» Stored dataset items
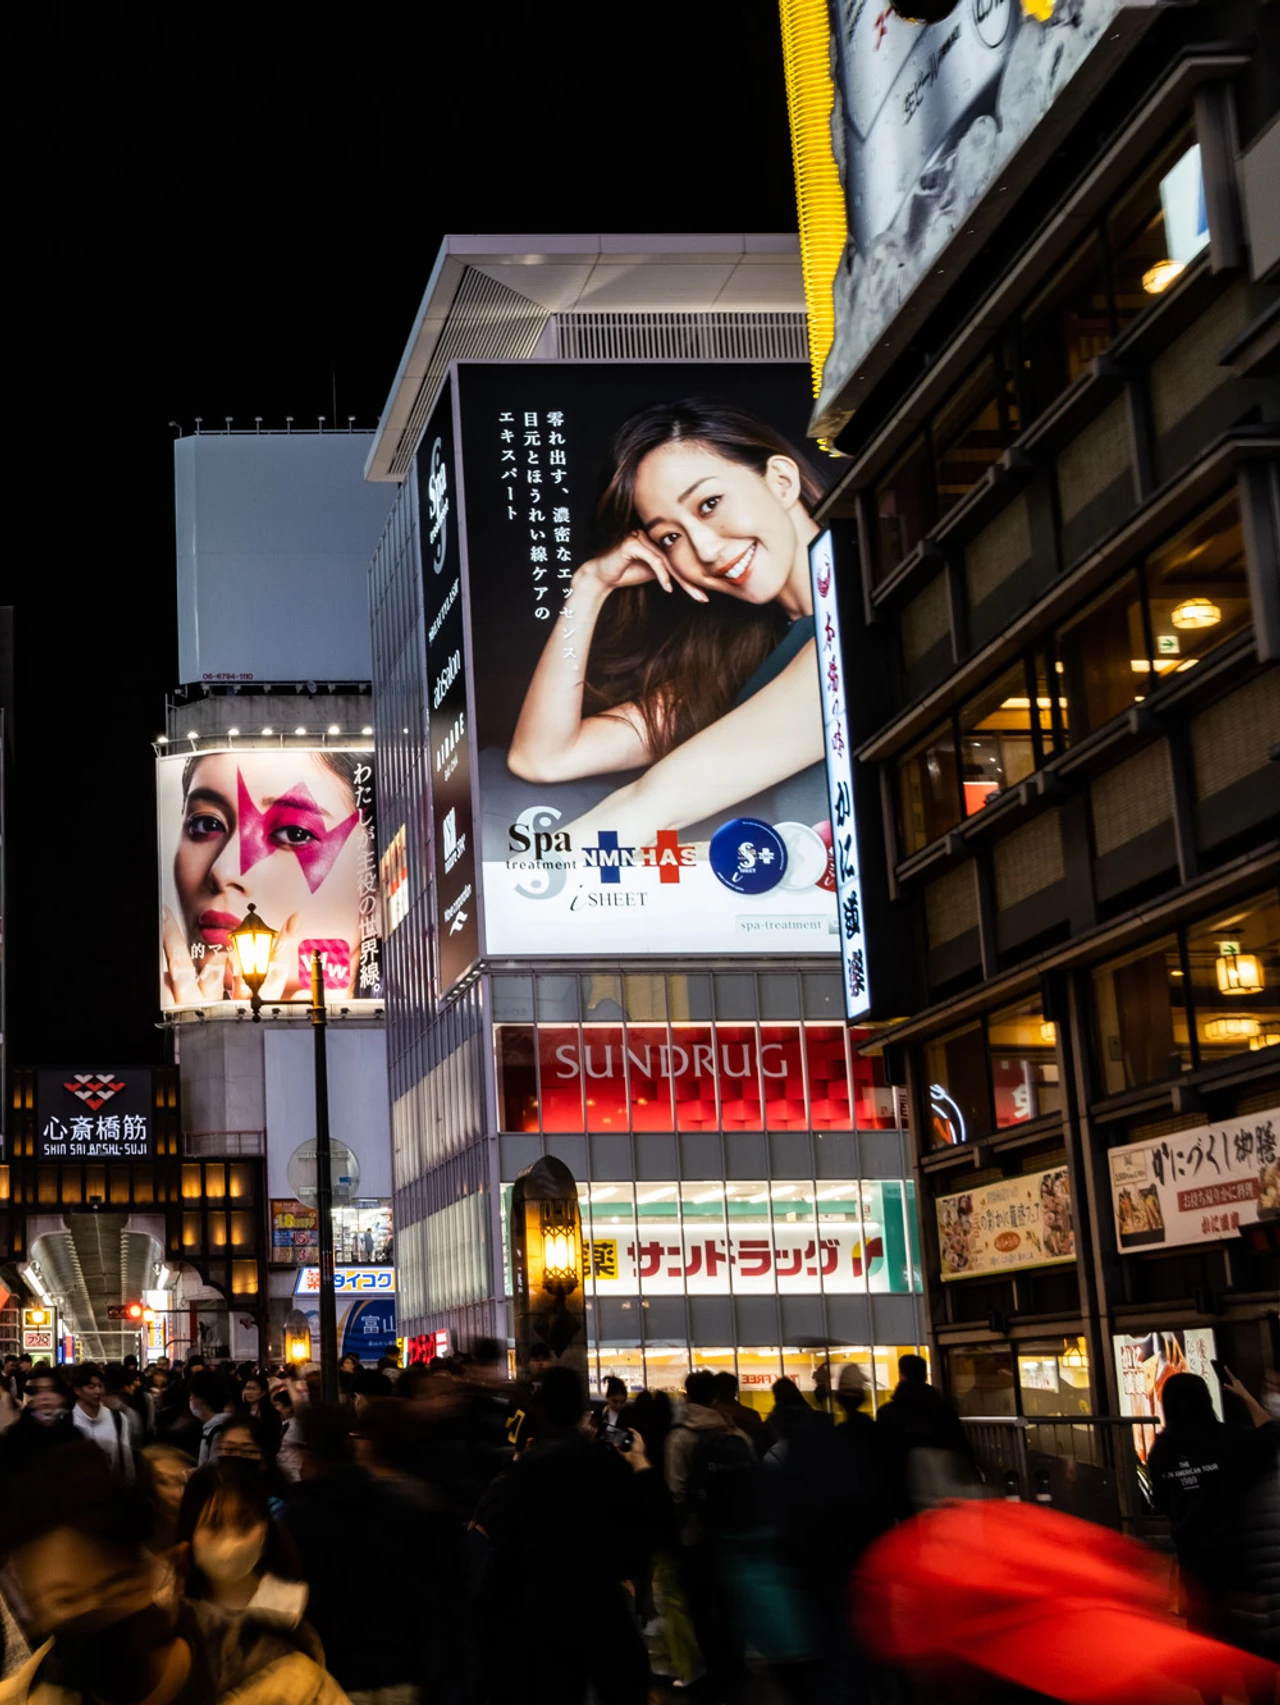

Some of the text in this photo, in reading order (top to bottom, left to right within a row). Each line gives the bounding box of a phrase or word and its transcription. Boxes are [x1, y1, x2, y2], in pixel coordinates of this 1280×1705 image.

[498, 410, 519, 521] エキスパート
[522, 411, 551, 622] 目元とほうれい線ケアの
[507, 823, 573, 860] Spa
[641, 846, 697, 867] HAS
[353, 762, 381, 993] わたしが主役の世界線。
[506, 859, 577, 870] treatment
[588, 891, 648, 907] SHEET
[740, 920, 822, 932] spa-treatment
[555, 1044, 789, 1080] SUNDRUG
[42, 1114, 148, 1142] 心斎橋筋
[43, 1143, 67, 1157] SHIN
[69, 1143, 87, 1157] SAI
[580, 1238, 839, 1278] 薬 サンドラッグ
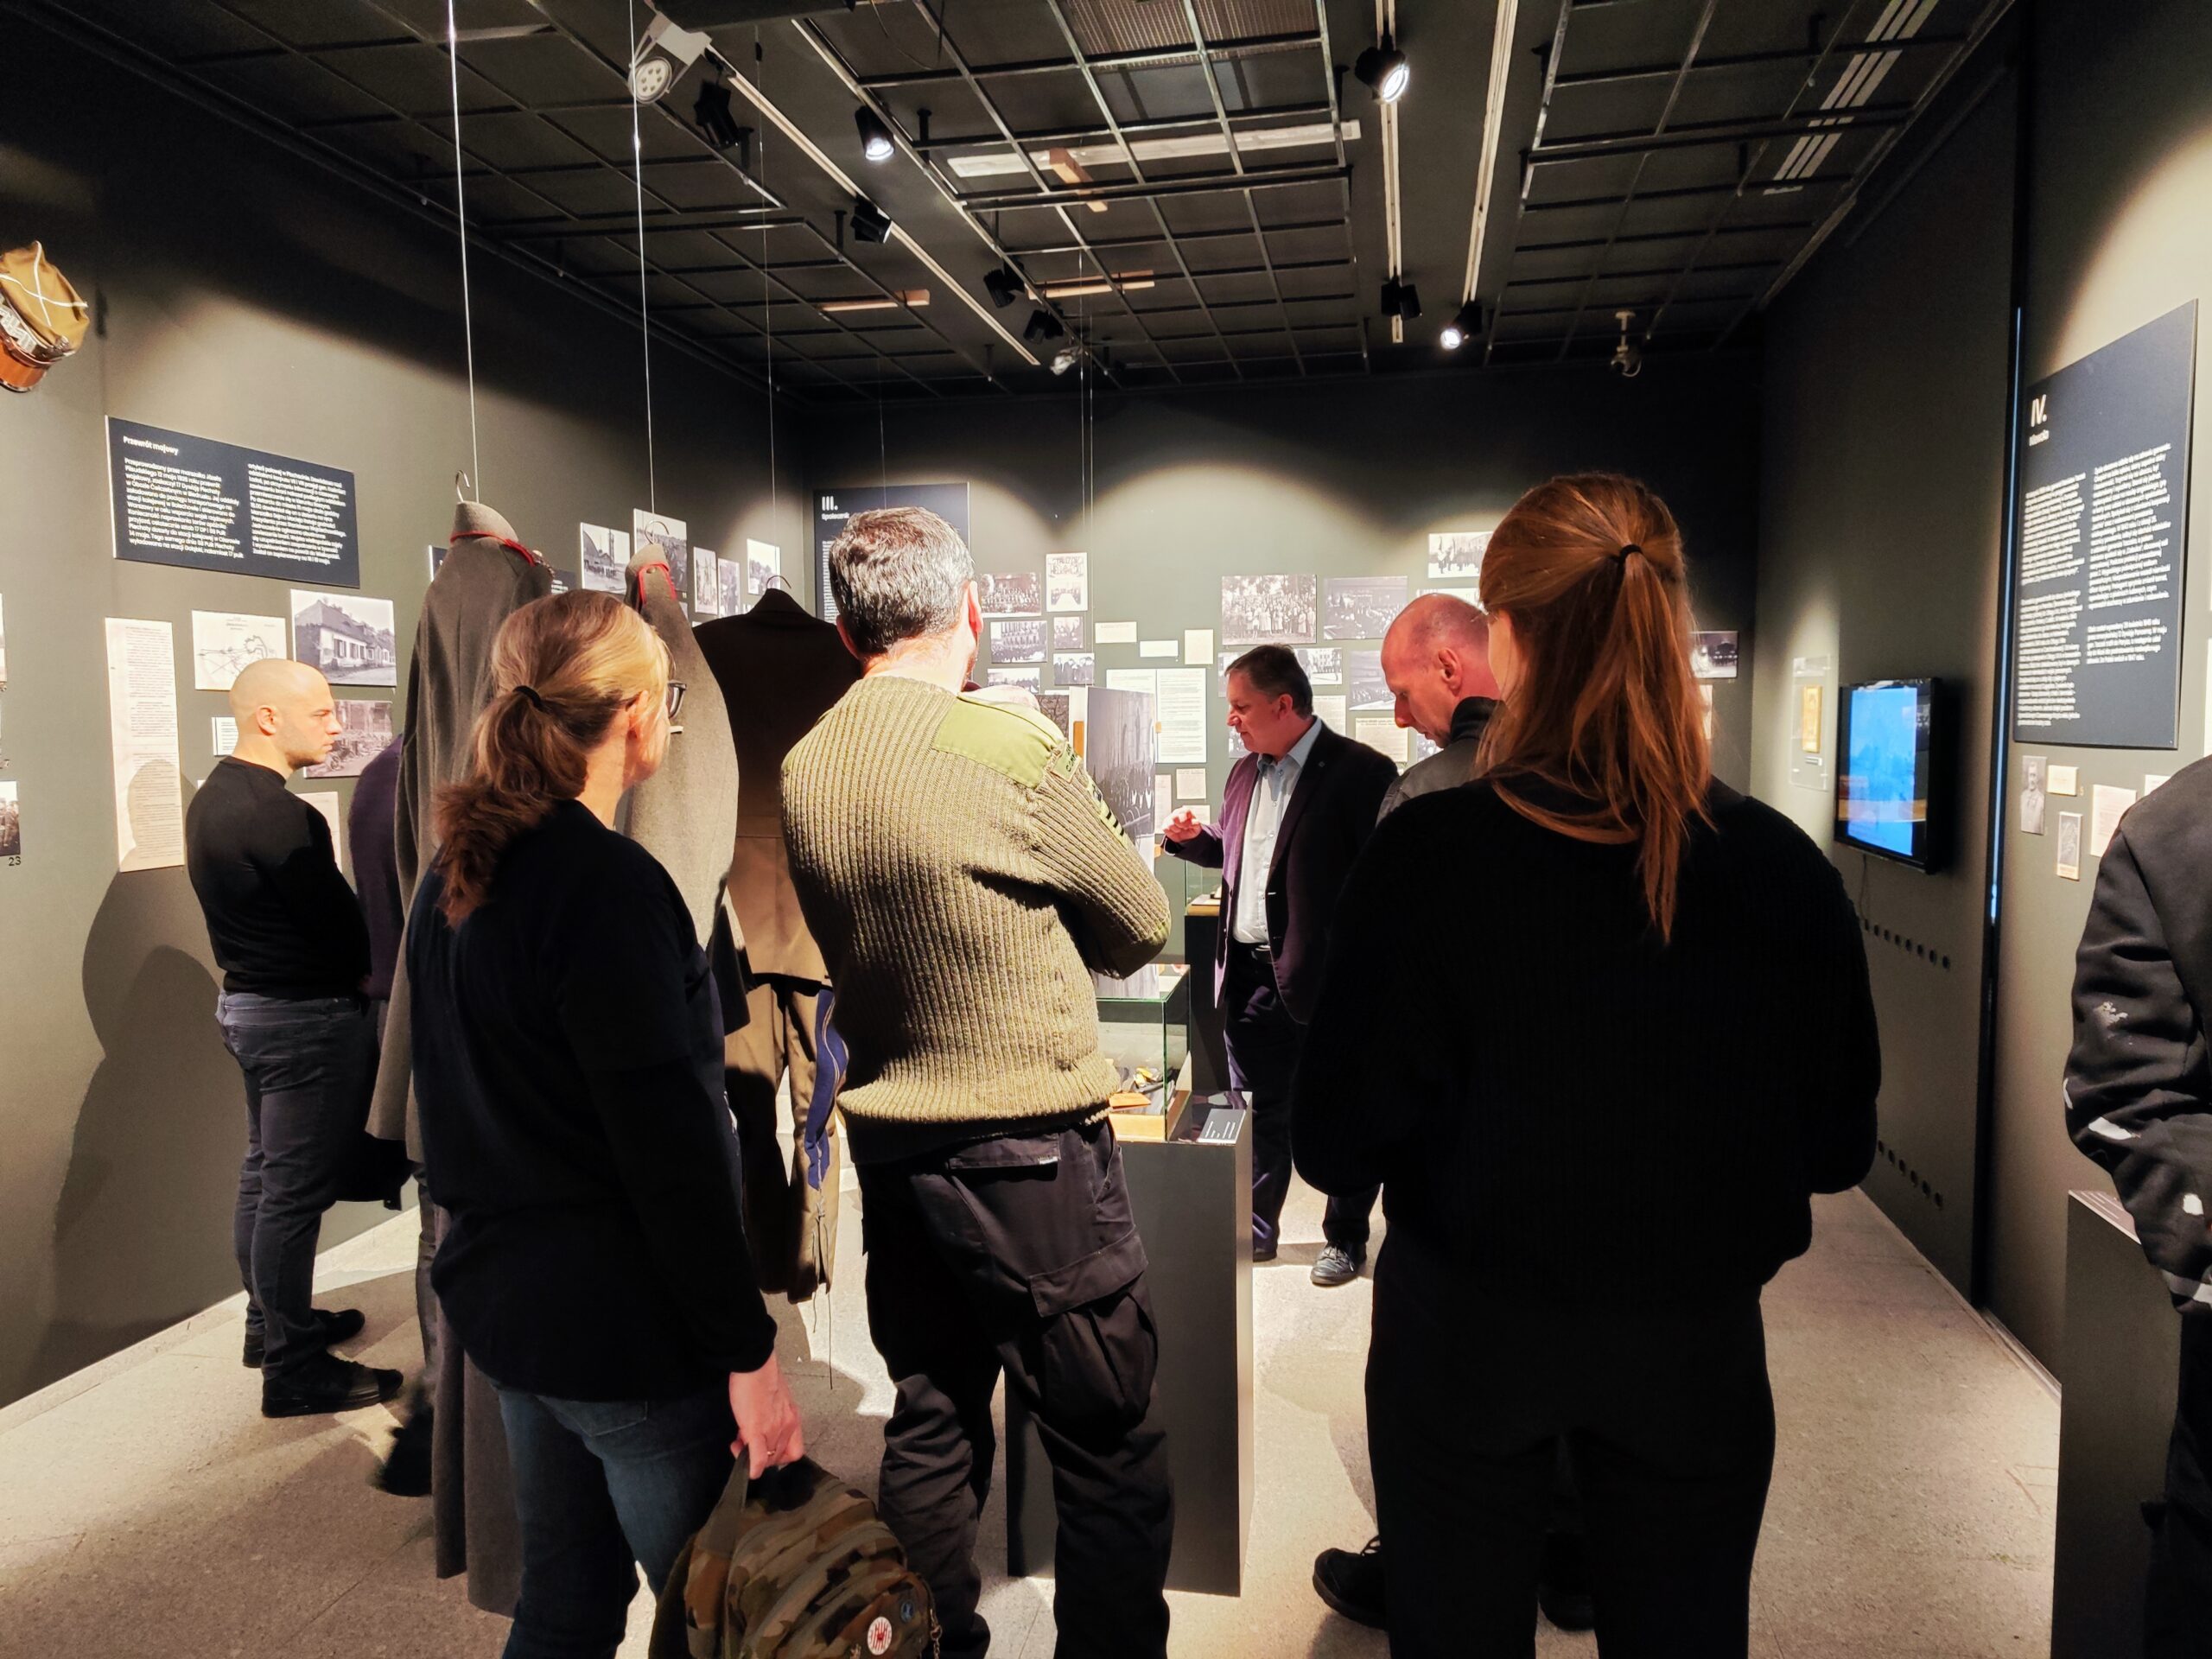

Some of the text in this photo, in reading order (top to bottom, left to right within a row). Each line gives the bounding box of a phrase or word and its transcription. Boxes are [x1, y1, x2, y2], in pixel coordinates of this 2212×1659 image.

[2031, 394, 2048, 427] IV.
[822, 496, 838, 511] III.
[8, 855, 22, 867] 23
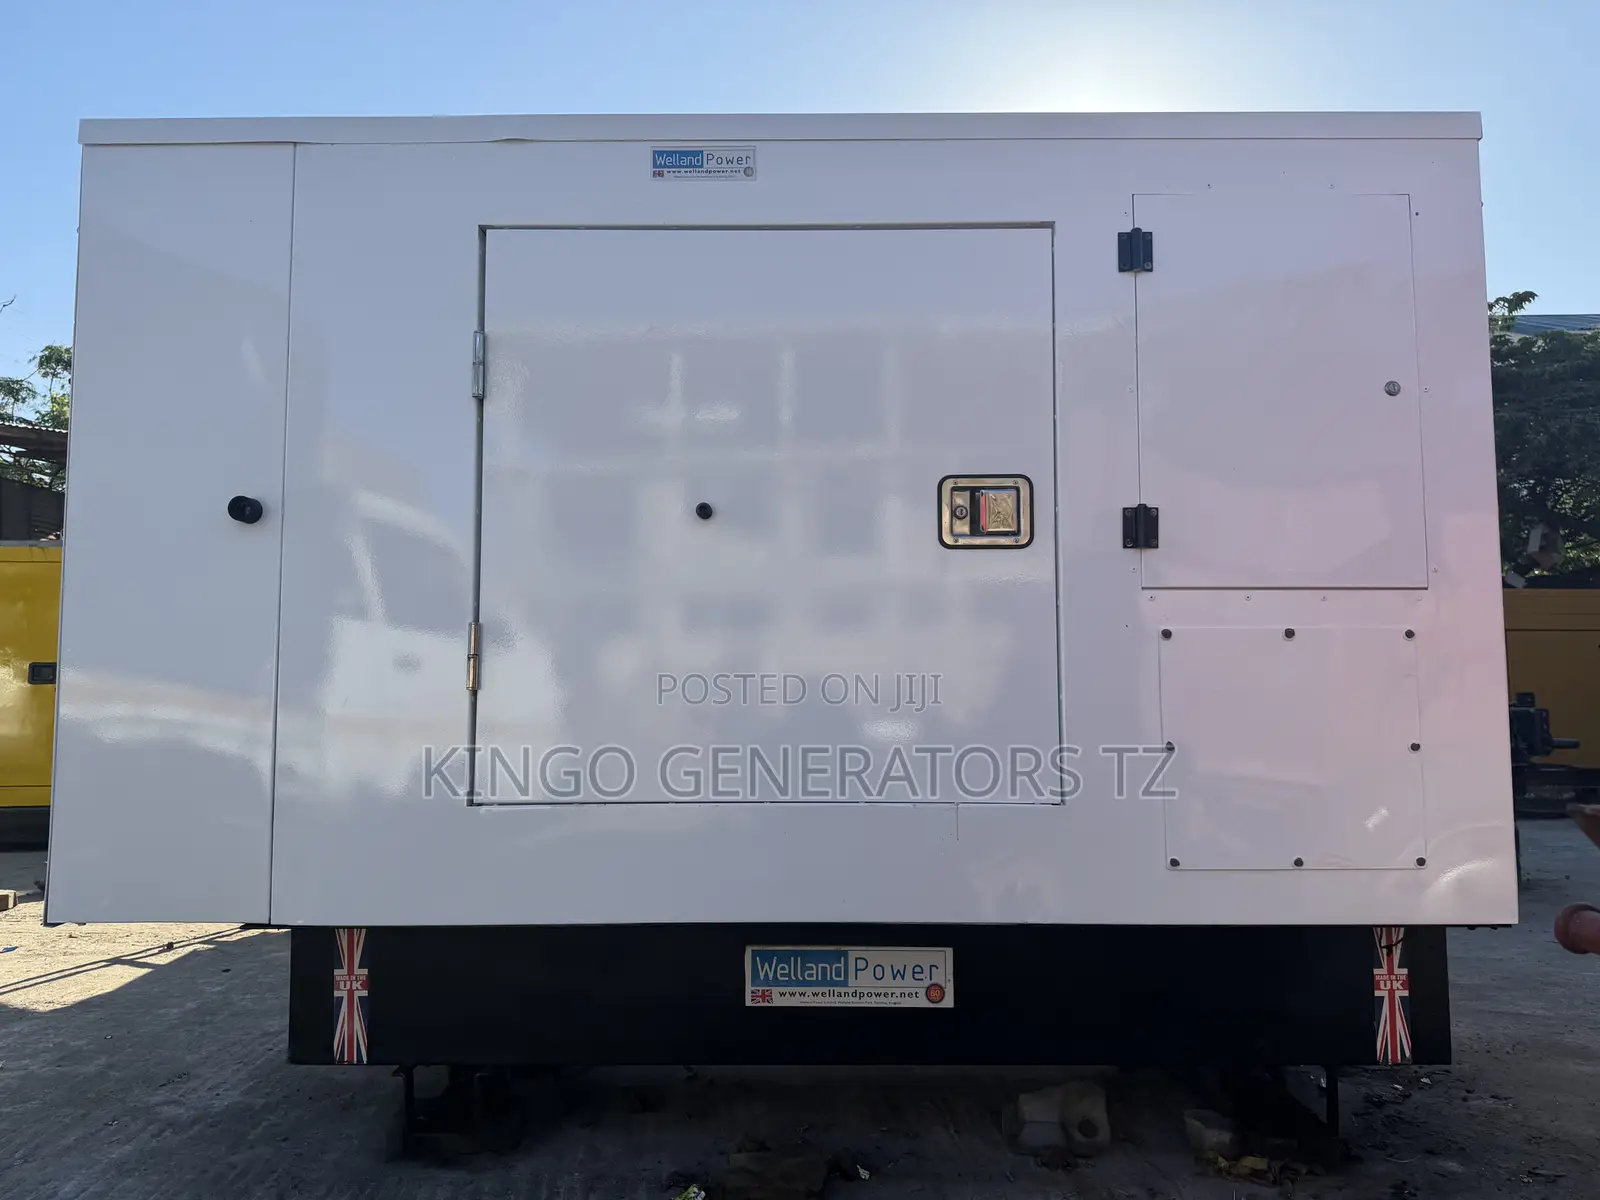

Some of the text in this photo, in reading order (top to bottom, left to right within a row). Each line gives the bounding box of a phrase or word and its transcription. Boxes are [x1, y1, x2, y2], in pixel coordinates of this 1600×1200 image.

[655, 153, 751, 166] Welland Power
[756, 956, 939, 981] Welland Power
[339, 981, 363, 990] UK
[1379, 980, 1404, 990] UK
[778, 989, 920, 1000] www.wellandpower.net
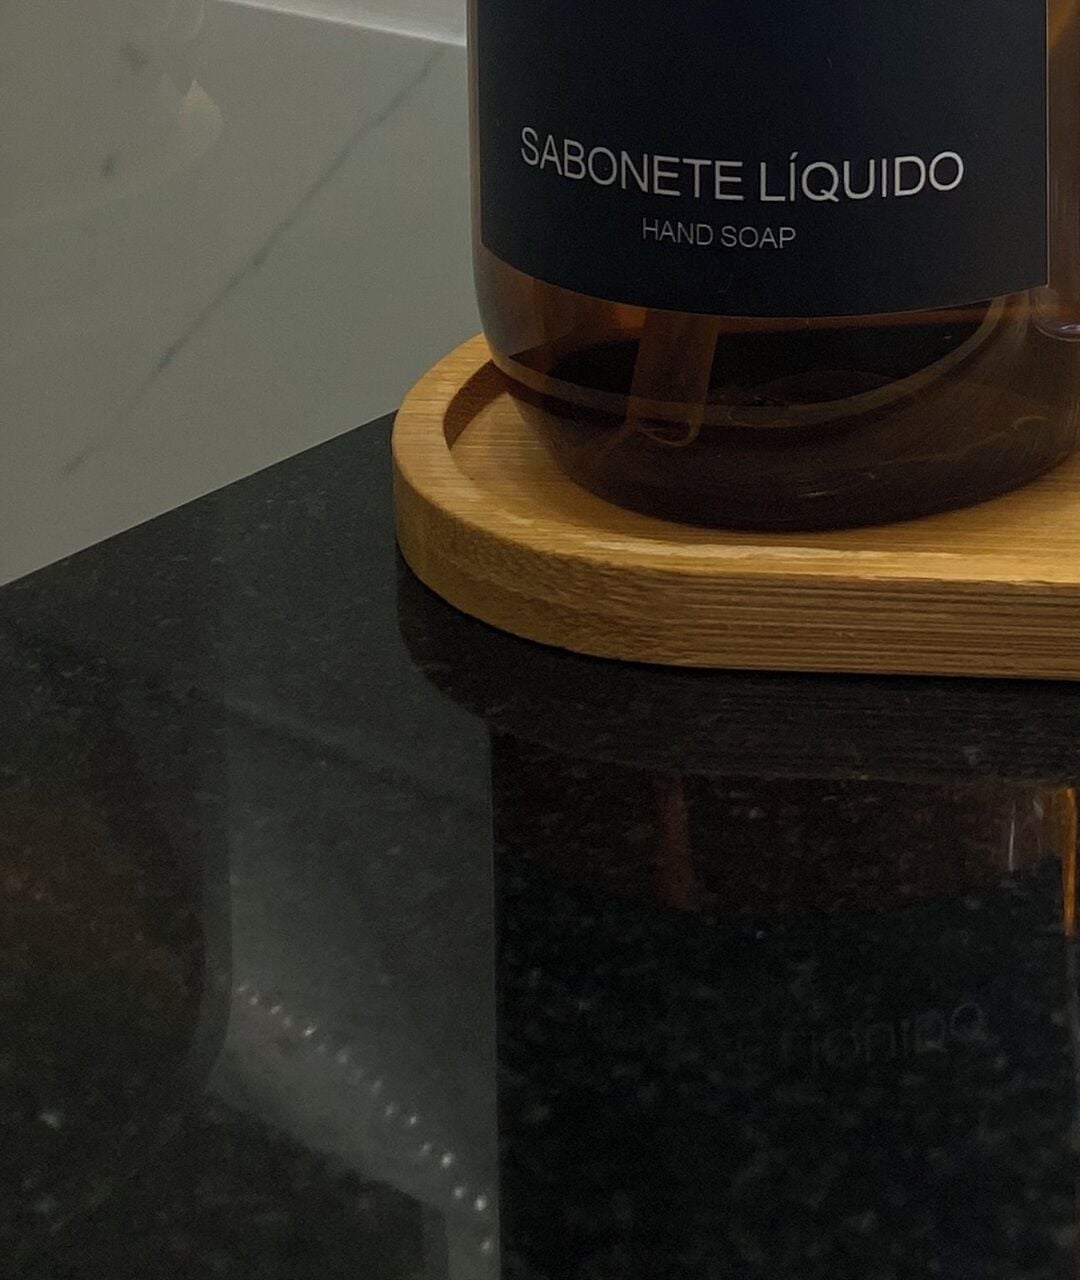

» EXERCISE DETAILS
Copy every record exactly, leaving the pictures out.

» OUTPUT OF THE EXERCISE
Some of the text in this photo, in reading order (top to bottom, left to right within a row). Each line gives the bounding box of a phrase or word and its transcription. Boxes are [x1, y1, x2, y2], in pixel coordinates of this 1280×1705 image.

[498, 410, 519, 521] エキスパート
[522, 411, 551, 622] 目元とほうれい線ケアの
[507, 823, 573, 860] Spa
[641, 846, 697, 867] HAS
[353, 762, 381, 993] わたしが主役の世界線。
[506, 859, 577, 870] treatment
[588, 891, 648, 907] SHEET
[740, 920, 822, 932] spa-treatment
[555, 1044, 789, 1080] SUNDRUG
[42, 1114, 148, 1142] 心斎橋筋
[43, 1143, 67, 1157] SHIN
[69, 1143, 87, 1157] SAI
[580, 1238, 839, 1278] 薬 サンドラッグ

Some of the text in this photo, in reading order (top to bottom, left to right within a row). Each line gives the bounding box of a phrase or word and its transcription. Boxes are [x1, y1, x2, y2], in pixel coordinates of this 2212×1659 image.

[2031, 394, 2048, 427] IV.
[822, 496, 838, 511] III.
[8, 855, 22, 867] 23

Some of the text in this photo, in reading order (top to bottom, left to right within a row). Each line gives the bounding box of a phrase or word and its transcription. Boxes are [x1, y1, x2, y2], in pixel coordinates of this 1600×1200 image.

[655, 153, 751, 166] Welland Power
[756, 956, 939, 981] Welland Power
[339, 981, 363, 990] UK
[1379, 980, 1404, 990] UK
[778, 989, 920, 1000] www.wellandpower.net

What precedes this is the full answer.